Denken Sie daran, dass Tag-Value exakt ist und Werte in Großbuchstaben angegeben werden müssen.
Sie können nun eine E-Mail mit dem Betreff, zum Beispiel "Start S4H", an Ihre AWS WorkMail-Domain senden. Sie erhalten eine Bestätigungs-E-Mail, gefolgt von einer Benachrichtigung, sobald das System gestartet wurde.
Herzlichen Glückwunsch, Sie haben erfolgreich ein SAP-System auf AWS über eine E-Mail gestartet!
Jetzt können zusätzliche Abonnenten zum SNS-Topic "SSMSAPStartStopNotifications" hinzugefügt werden. Alle Abonnenten erhalten E-Mail-Benachrichtigungen für jedes Start- und Stoppereignis.
Um die erlaubte Domain-Liste zu erweitern – also mehr E-Mail-Adressen hinzuzufügen, die berechtigt sind, diese Automatisierung zu nutzen – aktualisieren Sie einfach den CloudFormation-Stack.

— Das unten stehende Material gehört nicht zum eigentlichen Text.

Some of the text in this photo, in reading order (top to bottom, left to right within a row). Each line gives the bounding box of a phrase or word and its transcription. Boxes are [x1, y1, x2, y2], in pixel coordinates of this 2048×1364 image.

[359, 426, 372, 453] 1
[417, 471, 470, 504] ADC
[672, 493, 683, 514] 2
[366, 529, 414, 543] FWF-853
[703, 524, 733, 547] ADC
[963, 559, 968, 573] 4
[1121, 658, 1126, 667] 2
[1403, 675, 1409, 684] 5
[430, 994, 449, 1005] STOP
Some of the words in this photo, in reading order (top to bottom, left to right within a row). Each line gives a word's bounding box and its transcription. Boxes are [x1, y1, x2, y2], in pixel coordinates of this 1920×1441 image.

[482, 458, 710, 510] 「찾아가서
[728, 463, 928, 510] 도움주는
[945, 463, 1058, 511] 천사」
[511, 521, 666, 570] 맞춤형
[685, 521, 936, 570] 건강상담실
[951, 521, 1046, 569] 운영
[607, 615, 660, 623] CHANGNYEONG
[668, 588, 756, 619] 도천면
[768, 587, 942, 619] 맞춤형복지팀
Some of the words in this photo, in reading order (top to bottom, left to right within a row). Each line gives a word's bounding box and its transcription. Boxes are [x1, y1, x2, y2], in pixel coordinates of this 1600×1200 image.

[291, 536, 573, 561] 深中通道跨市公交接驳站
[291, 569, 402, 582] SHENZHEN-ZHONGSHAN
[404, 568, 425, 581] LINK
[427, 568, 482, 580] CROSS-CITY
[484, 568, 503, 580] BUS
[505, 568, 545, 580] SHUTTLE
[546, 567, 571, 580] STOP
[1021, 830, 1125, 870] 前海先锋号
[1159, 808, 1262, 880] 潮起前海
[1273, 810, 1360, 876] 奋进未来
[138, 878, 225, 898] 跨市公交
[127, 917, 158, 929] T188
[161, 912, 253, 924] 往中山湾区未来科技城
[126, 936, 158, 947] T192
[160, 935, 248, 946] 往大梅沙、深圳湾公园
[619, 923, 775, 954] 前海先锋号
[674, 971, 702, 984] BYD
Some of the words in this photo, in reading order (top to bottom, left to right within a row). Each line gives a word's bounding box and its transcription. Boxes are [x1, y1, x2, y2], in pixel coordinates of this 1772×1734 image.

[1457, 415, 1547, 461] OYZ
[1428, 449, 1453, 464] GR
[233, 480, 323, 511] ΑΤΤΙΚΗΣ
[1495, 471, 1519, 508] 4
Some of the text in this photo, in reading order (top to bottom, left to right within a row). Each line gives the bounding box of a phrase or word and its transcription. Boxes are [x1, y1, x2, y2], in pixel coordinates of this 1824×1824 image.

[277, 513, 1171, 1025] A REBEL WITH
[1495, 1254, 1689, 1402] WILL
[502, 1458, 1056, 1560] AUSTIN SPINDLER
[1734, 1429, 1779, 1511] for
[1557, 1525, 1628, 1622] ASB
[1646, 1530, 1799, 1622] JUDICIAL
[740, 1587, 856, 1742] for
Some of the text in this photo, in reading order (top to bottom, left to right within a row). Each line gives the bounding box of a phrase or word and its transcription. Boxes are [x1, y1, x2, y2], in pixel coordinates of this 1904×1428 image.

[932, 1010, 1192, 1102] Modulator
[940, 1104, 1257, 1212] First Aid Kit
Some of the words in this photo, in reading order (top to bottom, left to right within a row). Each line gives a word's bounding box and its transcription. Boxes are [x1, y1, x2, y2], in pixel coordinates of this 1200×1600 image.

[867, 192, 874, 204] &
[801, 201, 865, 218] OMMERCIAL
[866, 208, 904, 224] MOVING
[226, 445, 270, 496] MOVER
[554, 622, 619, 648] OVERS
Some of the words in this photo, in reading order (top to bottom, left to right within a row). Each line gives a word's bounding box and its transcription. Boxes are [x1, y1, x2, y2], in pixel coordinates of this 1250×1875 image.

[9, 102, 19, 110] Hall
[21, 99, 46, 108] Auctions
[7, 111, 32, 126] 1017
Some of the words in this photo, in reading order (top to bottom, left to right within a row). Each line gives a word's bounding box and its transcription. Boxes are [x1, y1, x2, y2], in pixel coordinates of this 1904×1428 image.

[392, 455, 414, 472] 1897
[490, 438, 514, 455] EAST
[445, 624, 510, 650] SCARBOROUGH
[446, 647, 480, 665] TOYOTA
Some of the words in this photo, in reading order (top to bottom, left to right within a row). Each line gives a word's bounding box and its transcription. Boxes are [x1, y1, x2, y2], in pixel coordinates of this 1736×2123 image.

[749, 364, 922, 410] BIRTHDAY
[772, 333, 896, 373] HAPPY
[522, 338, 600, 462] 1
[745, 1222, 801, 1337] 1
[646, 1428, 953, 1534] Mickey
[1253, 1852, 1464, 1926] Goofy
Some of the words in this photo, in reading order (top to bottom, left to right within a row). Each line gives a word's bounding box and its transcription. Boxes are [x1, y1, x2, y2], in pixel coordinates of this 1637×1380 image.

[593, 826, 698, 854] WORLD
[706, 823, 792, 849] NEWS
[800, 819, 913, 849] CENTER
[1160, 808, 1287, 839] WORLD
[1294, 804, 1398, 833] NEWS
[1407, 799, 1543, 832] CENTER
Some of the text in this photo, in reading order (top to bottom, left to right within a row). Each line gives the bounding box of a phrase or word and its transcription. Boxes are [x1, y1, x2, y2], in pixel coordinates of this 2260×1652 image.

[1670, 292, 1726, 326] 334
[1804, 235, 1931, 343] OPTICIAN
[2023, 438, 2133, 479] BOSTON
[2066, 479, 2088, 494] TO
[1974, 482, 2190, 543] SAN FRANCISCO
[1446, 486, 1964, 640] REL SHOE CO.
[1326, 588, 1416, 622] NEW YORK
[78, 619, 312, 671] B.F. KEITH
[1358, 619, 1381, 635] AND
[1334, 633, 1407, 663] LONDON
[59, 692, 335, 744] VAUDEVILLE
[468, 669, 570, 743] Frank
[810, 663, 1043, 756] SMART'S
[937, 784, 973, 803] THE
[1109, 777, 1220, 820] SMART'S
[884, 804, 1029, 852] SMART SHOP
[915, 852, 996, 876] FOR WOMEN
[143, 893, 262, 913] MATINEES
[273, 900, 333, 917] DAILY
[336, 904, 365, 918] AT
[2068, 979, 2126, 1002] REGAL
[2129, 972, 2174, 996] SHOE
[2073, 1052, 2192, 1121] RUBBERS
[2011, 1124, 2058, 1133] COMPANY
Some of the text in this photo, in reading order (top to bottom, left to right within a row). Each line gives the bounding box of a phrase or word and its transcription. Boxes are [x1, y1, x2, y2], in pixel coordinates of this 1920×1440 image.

AWS Services und Kosten für die Automatisierung
Folgende AWS Services werden für diese Solution genutzt, und die dazugehörigen Kosten dargestellt:
Wie zu sehen ist, würden selbst bei einer intensiven Nutzung der SAP-Start-/Stop-Automatik via Mail lediglich monatliche AWS-Kosten im Cent-Bereich anfallen. Der Grund dafür liegt in der Verwendung von Serverless-Services, die eine sehr kosteneffiziente Skalierung ermöglichen.
Aus meiner Sicht gibt es einfach keine Alternativen, die an die Wirksamkeit der ausgewählten AWS-Dienste für diese Lösung heranreichen.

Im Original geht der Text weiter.